Spatial localization data
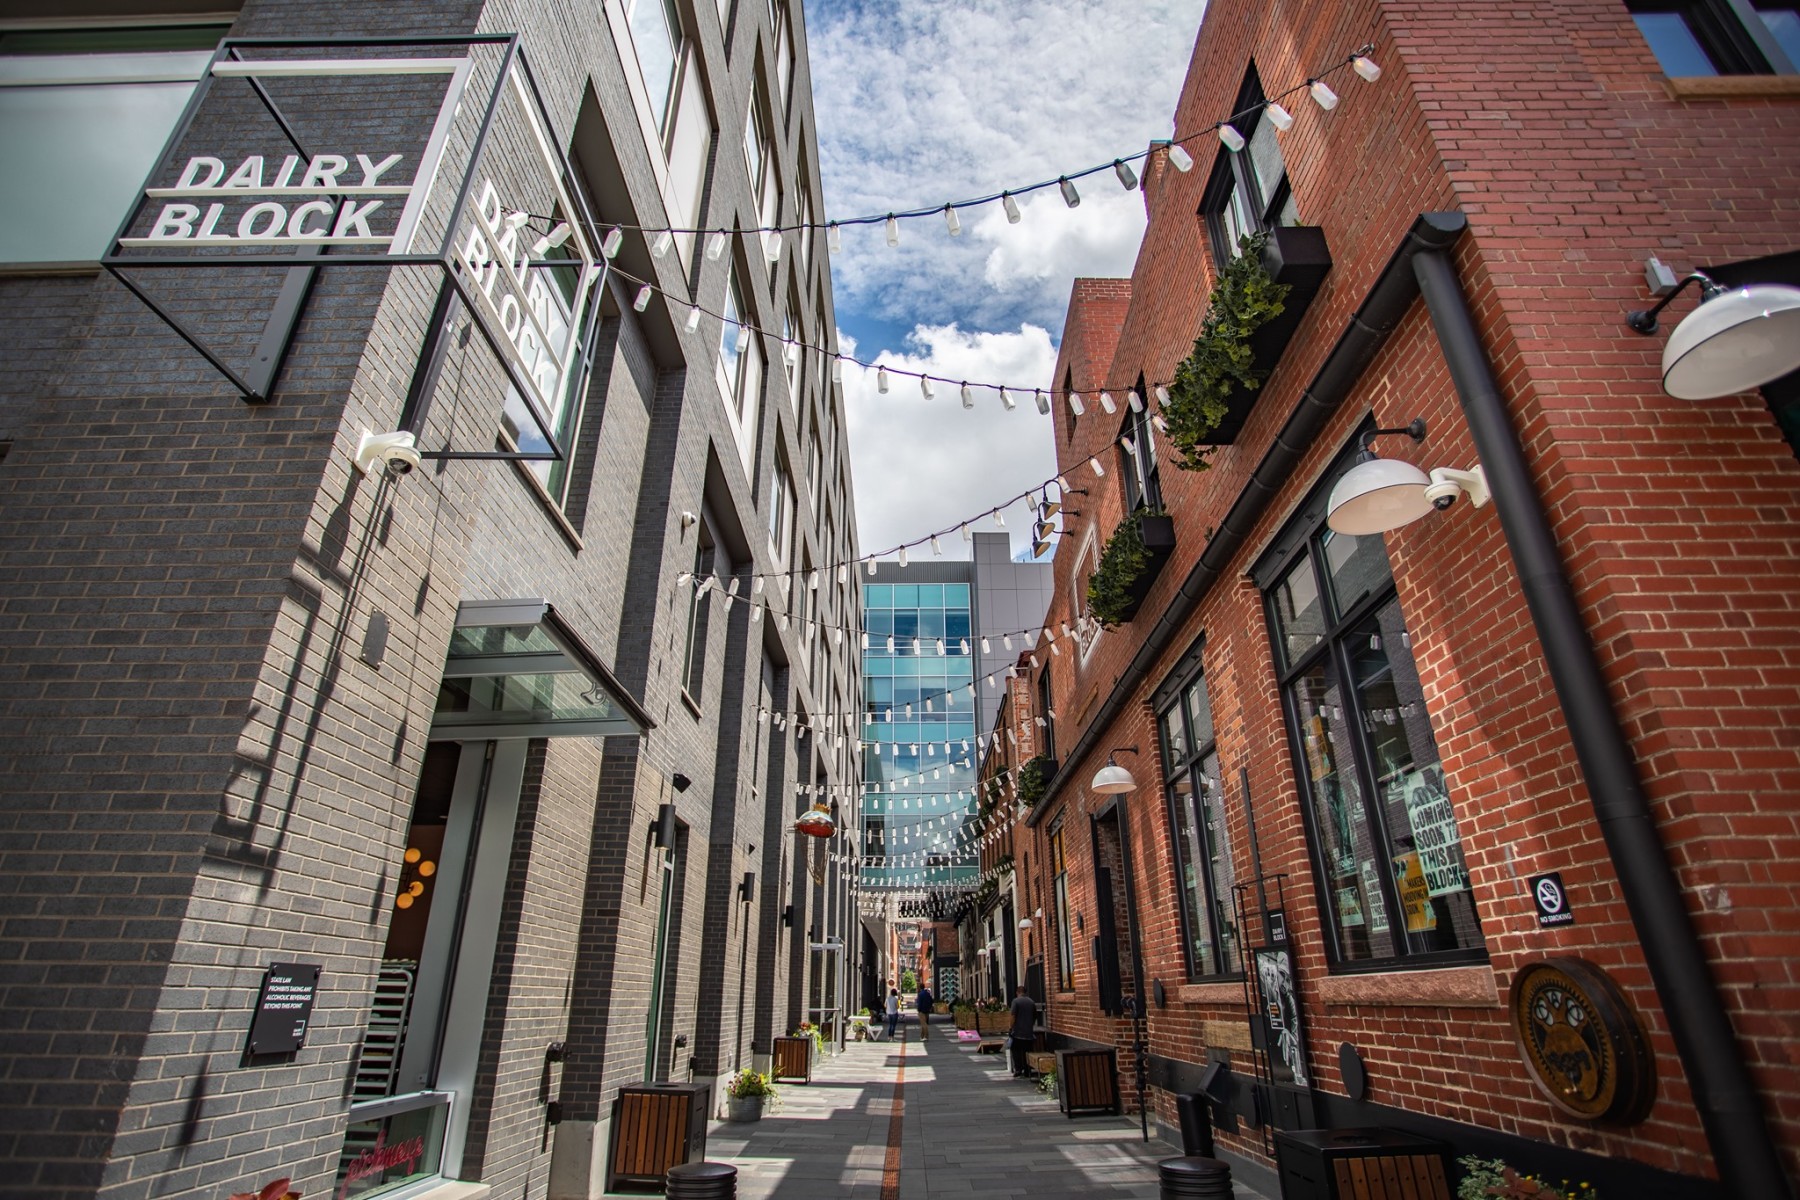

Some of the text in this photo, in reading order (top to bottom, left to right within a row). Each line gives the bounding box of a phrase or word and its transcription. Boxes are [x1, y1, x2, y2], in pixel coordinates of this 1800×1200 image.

[175, 154, 404, 188] DAIRY
[149, 200, 385, 239] BLOCK
[477, 177, 562, 338] DAIRY
[464, 223, 558, 394] BLOCK
[1412, 800, 1453, 830] COMING
[1415, 825, 1446, 851] SOON
[1419, 846, 1448, 870] THIS
[1426, 864, 1461, 892] BLOCK
[1547, 913, 1572, 922] SMOKING
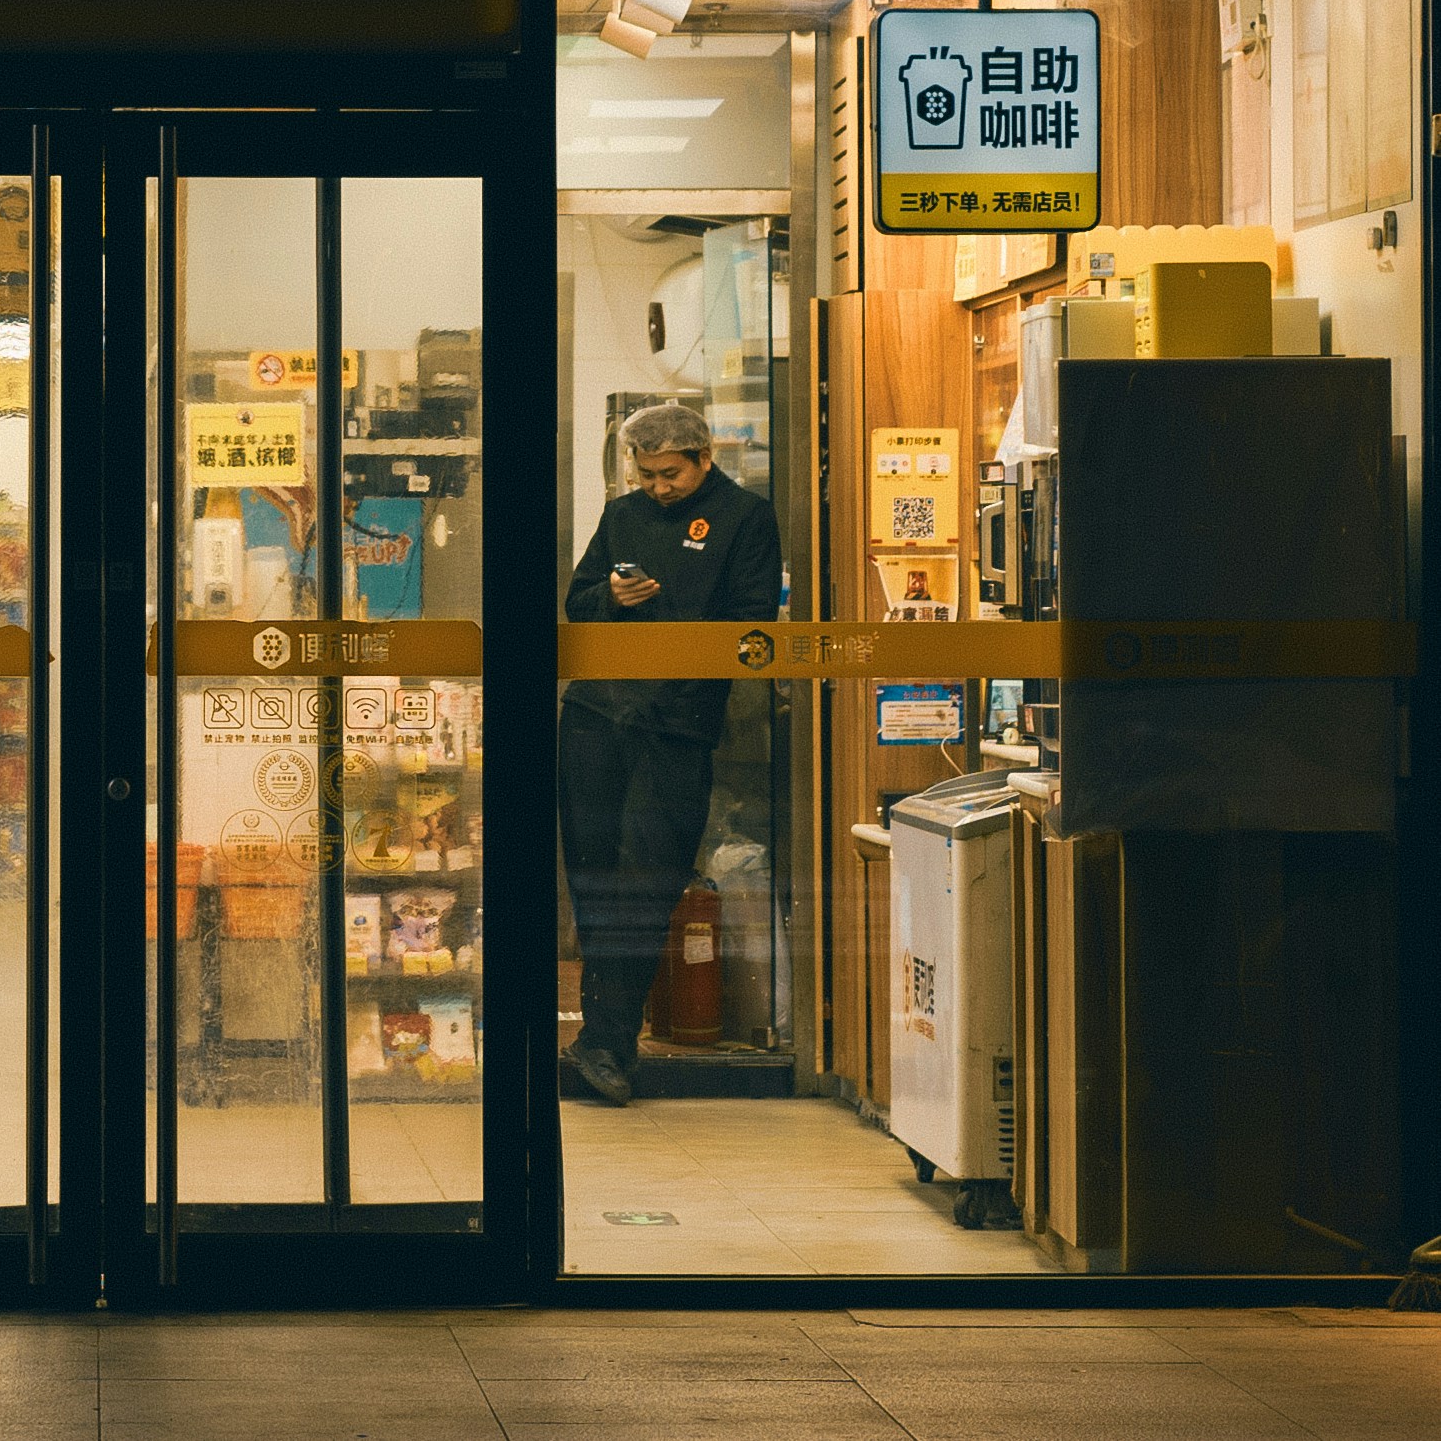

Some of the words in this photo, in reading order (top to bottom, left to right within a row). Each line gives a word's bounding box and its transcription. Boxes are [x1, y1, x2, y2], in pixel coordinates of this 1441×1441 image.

Exercise requirements. From the first line to the last, return the records exactly and leave the pictures behind.

Answer to the problem.
Some of the text in this photo, in reading order (top to bottom, left to right within a row). Each line gives the bounding box of a phrase or word and its transcription. Boxes are [x1, y1, x2, y2], in pixel coordinates of this 1800×1200 image.

[175, 154, 404, 188] DAIRY
[149, 200, 385, 239] BLOCK
[477, 177, 562, 338] DAIRY
[464, 223, 558, 394] BLOCK
[1412, 800, 1453, 830] COMING
[1415, 825, 1446, 851] SOON
[1419, 846, 1448, 870] THIS
[1426, 864, 1461, 892] BLOCK
[1547, 913, 1572, 922] SMOKING

Some of the words in this photo, in reading order (top to bottom, left to right within a row). Each line gives a word's bounding box and its transcription. Boxes are [x1, y1, x2, y2], in pixel coordinates of this 1441×1441 image.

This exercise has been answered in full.